CompoundFinal conc./amount1 reaction10 reactions
1x Reaction Buffer1x12 μl120 μl
10 mM dNTP Mix1 mM2 μl20 μl
1 mM Exo-resistant Random Hexamer Primer50 μM1 μl10 μl
Phi29 Enzyme Mix1x1 μl10 μl
Total volume16 μl160 μl

  • Vortex and spin-down briefly.
  • Add 16 μl WGA Master Mix to 4 μl of denatured genomic DNA (from 2.1, stored on ice). Total reaction volume: 20 μl.
  • Vortex and spin-down briefly.
  • Incubate for 1.5h at 30°C (e.g. Thermomixer, do not use a water-bath).
  • Inactivate the enzyme for 3 min at 65°C.
  • Proceed with downstream application (e.g. PCR (10-20 fold dilution with TE buffer, use 1-3 μl of diluted DNA) or DNA Labeling). Alternatively, store amplified DNA at -20°C until usage and avoid repeated freeze-thaw-cycles.
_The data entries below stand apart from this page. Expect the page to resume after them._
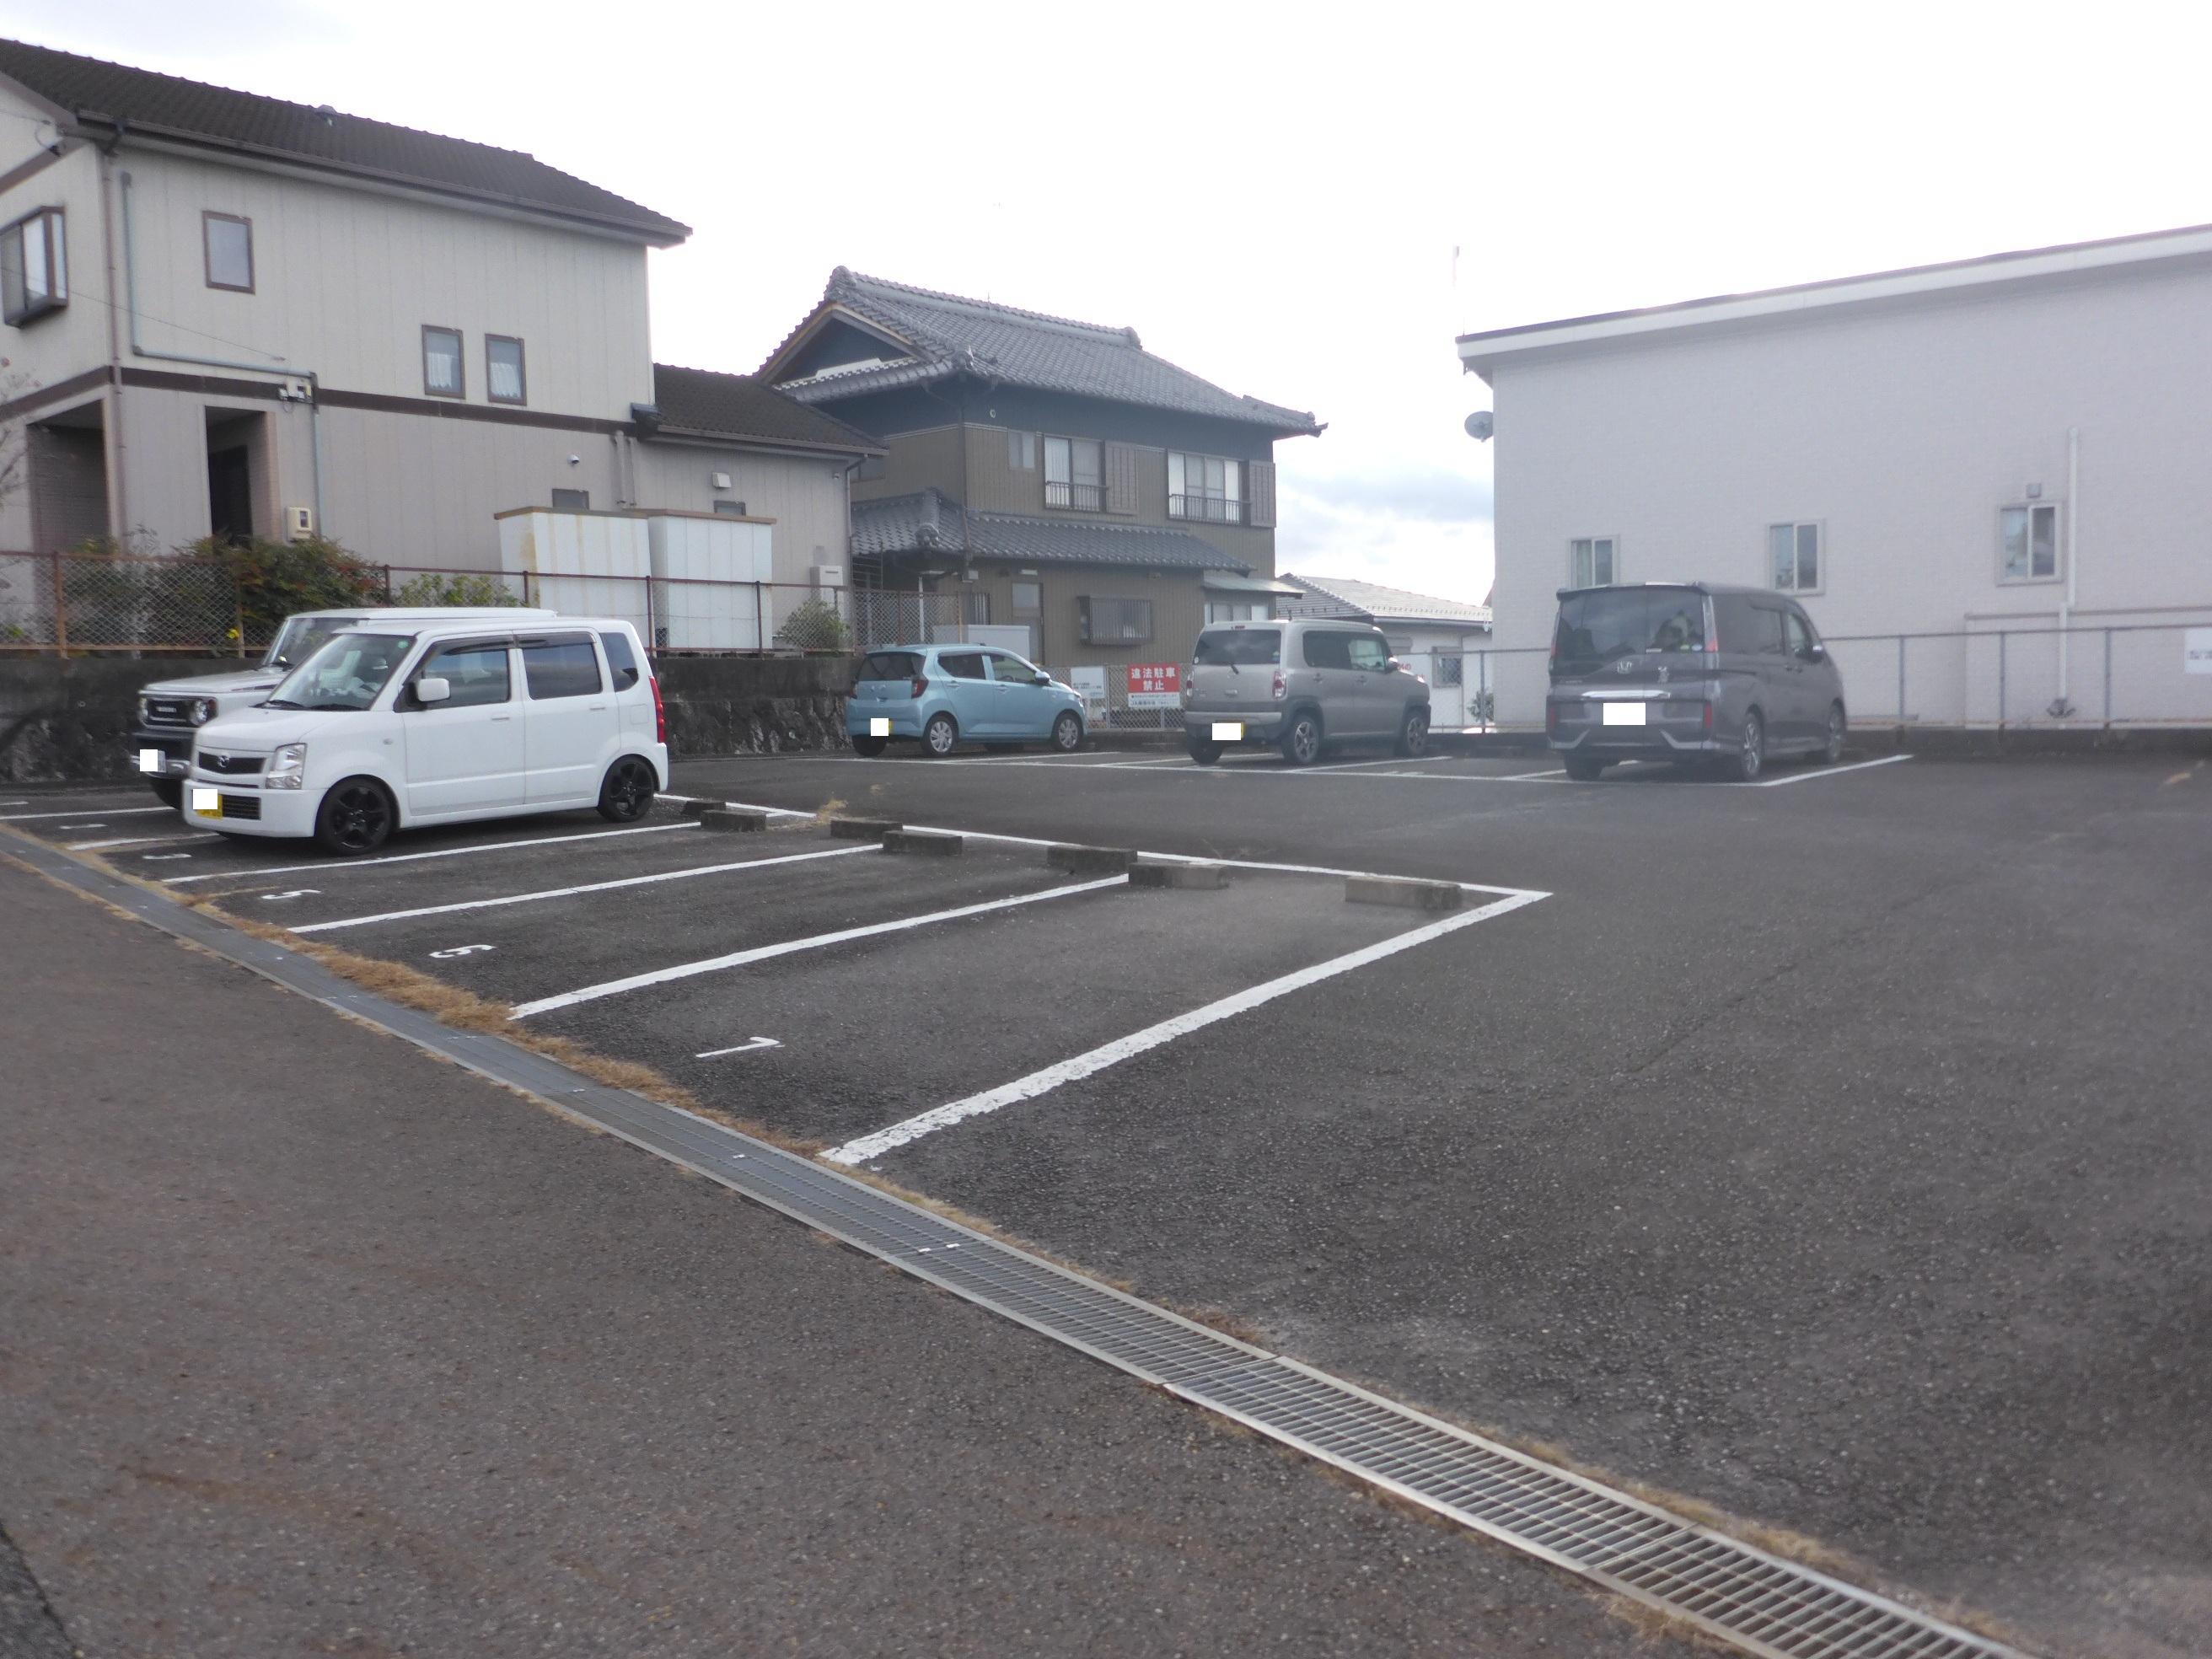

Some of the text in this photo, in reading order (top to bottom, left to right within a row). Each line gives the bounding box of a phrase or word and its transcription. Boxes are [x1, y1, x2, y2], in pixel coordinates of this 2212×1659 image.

[1131, 667, 1175, 679] 違法駐車
[1143, 679, 1164, 691] 禁止
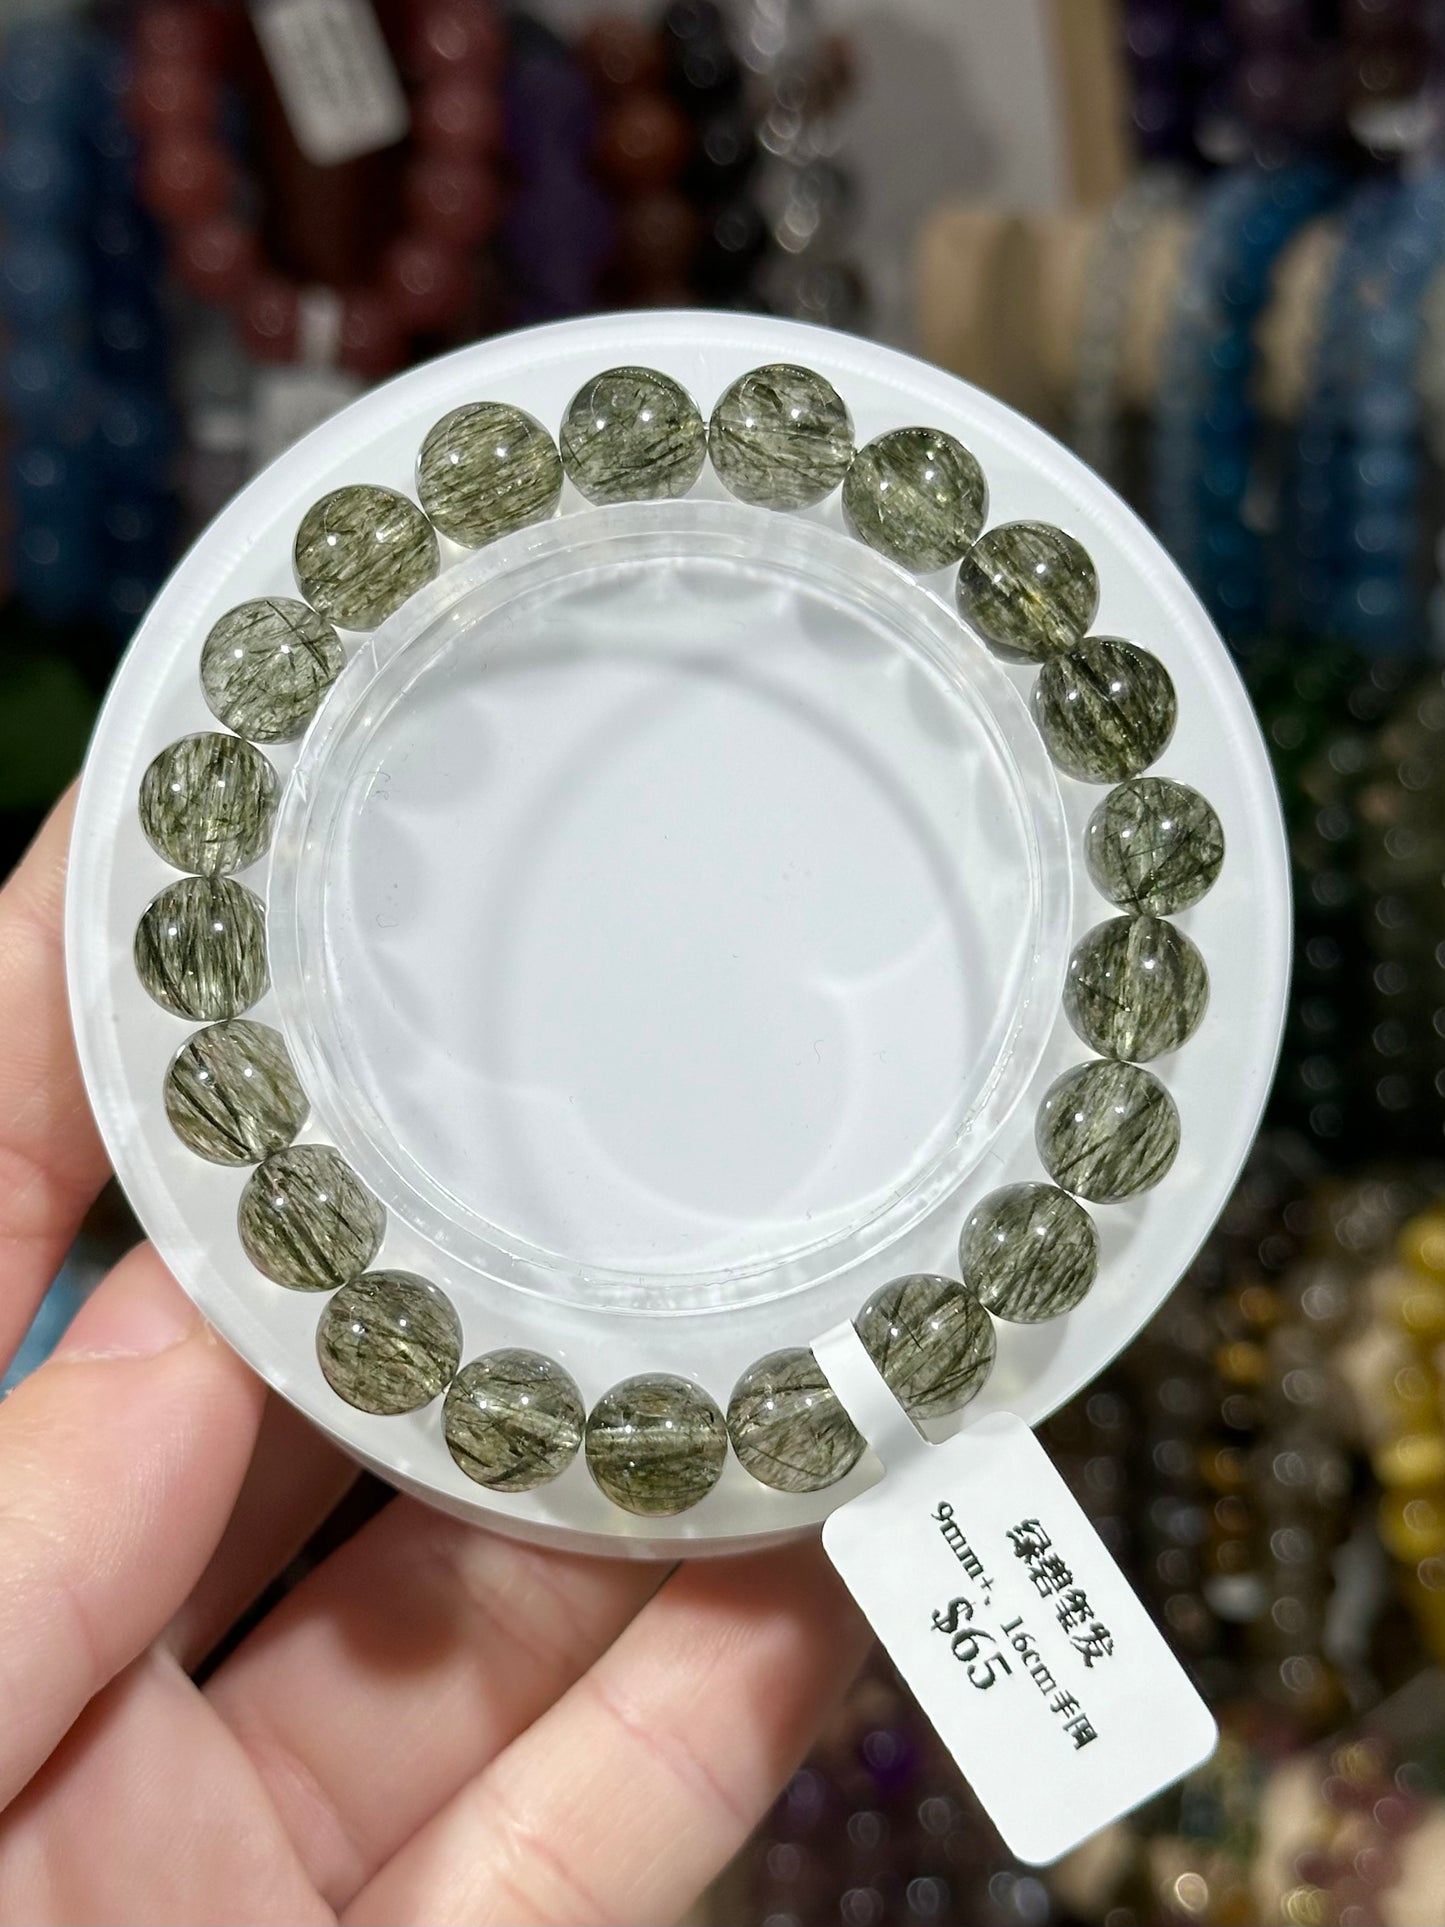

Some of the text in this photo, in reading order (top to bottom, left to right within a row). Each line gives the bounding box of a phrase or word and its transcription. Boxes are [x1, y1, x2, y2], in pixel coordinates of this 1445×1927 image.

[931, 1597, 1012, 1690] $65
[1006, 1518, 1114, 1668] 绿碧玺发
2.3 Evaluation of amplified DNA

  • Integrity of amplified DNA can be determined via agarose gel electrophoresis (1-2 μl reaction mix plus DNA intercalator such as EtBr, 1% agarose gel (TAE Buffer)). The average product length should be > 10 kbp with a major band around 10-12 kbp.
  • Quantification of amplified DNA can be performed via fluorescence measurement using Quant-iTTM PicoGreen dsDNA Assay Kit which selectively detects double-stranded DNA (ds DNA) in the presence of ssDNA and free nucleotides.

Selected References:
[1] Dean et al. (2002) Comprehensive human genome amplification using multiple displacement amplification. Proc. Natl. Acad. Sci 99 (8):5261.
[2] Hosono et al. (2003) Unbiased whole-genome amplification directly from clinical samples. Genome Research 13:954.